30.3.11

metamorfose

Uma mulher na rua. Livros e cadernos na mão
Entra. Talvez em uma escola.
Veste-se. Com roupas feitas de planejamentos, atividades e projetos.
Ouve. O som ensurdecedor do sinal.
Todos logo saem para seus lugares ao encontro dos alunos.
A mulher da rua, agora professora, fica.
Não há um lugar certo. Não há encontro marcado.
Espera. O chamado desesperado de alguém.
Pensa. No que será que me transformarão agora?
Metamorfoseia-se. Em um mesmo dia, várias pessoas.
Não tem mais nome, a chamam pelo nome de outro, do professor-ausente.
Traveste-se. Já não se reconhece uma professora. Talvez secretária, enfermeira, médica, psicóloga, assistente de assuntos aleatórios.
Fim do dia. A mulher-professora, "metamorfose ambulante", vai embora. Cambaleando, confusa, procura nela mesma o que sobrou do que era: uma professora com o simples desejo de ter em seu cotidiano, um encontro marcado com seus alunos.

24.3.11

na geladeira

  Pendurada me encontro, como uma peça de carne na geladeira de um açougue.
  Se olho para trás vejo o que fui, se olho para frente, já não sou.
 De repente, acordo do passado, um passado de fluxo de pensamentos e energia criativa, e me vejo aqui pendurada num lugar gélido e com cores parcas.
  Aqui pendurada, sinto a "gravidade" da situação.
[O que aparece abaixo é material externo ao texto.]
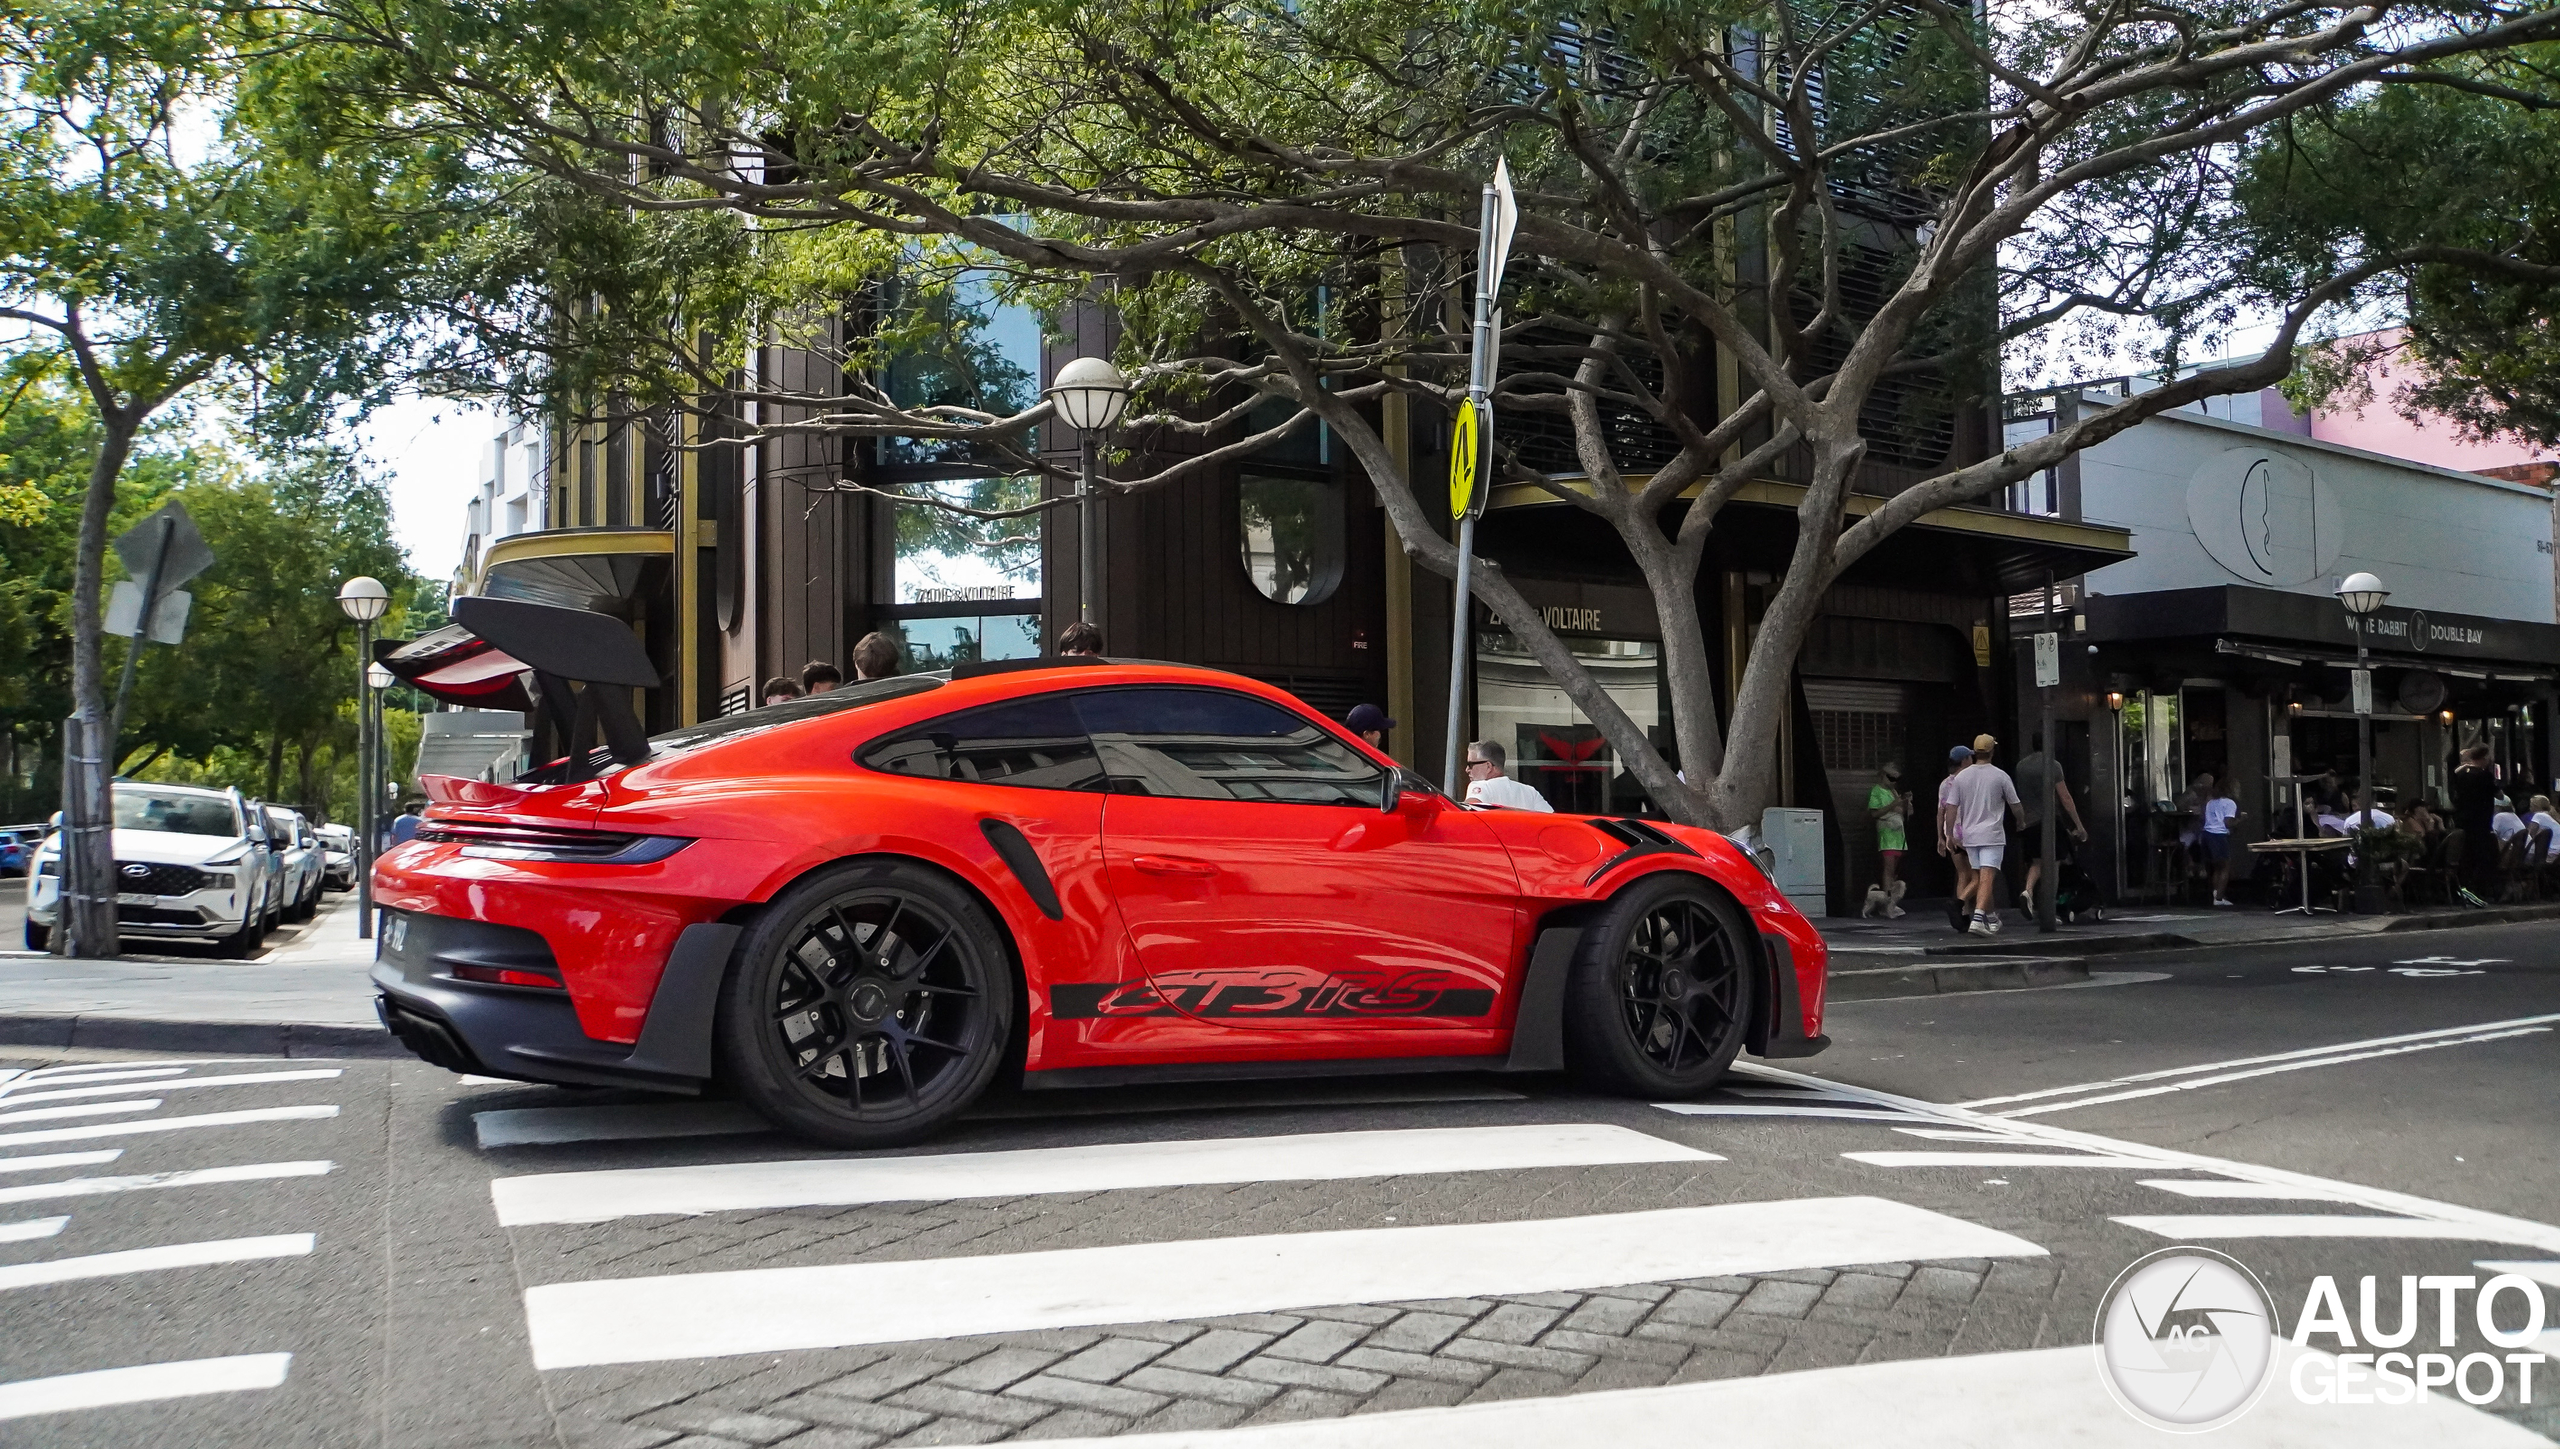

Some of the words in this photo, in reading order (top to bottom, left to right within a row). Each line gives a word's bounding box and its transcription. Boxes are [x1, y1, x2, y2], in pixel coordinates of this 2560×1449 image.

Mas que situação, eu me pergunto?
 Uma situação-surpresa, em que uma professora grávida de novas ideias, invenções, com desejo de atuar com a a arte e a vida na escola é pendurada na geladeira-escolar e tolhida de ocupar seu lugar principal, a sala de aula.
  Estar na geladeira é deixar de ser para virar coisa. Coisa que tem nome, "módulo", ou mais conhecido como professor eventual. Des-professorar, tapar buracos, fazer favores, dar aulas em doses homeopáticas, não criar vínculos.
  Virei zumbi, minha alma está vagando, só o corpo está presente. 
  Estou gelada, minhas energias criativas e minha vontade de atuar, pintar e bordar nos planos e nas ações também. Endureci.
 Preciso de fogo. Talvez faíscas. De resistência, de inspiração, faíscas de vida. Faíscas que só são encontradas na relação, no embate entre as gentes (professor+alunos), no cotidiano fora da geladeira e dentro do ambiente mais interessante da escola, a sala de aula.

bio


   Já faz uma ano...um ano que saí da faculdade. Saí de lá não só carregando novas ideias, mas  uma enorme vontade de atuar, propor, arriscar. Hoje sou licenciada em artes. Antes disso já atuava como professora, devido minha formação no magistério.
   Hoje em dia trabalho em duas escolas da prefeitura de São Paulo, uma de educação infantil e outra de ensino fundamental, em ambas sou (ou me tranformaram?) numa coisa chamada "módulo", vulgo professora eventual ou substituta. E é nessa situação, estranha, instável, por vezes, desrespeitosa, por vezes desafiadora que me encontro.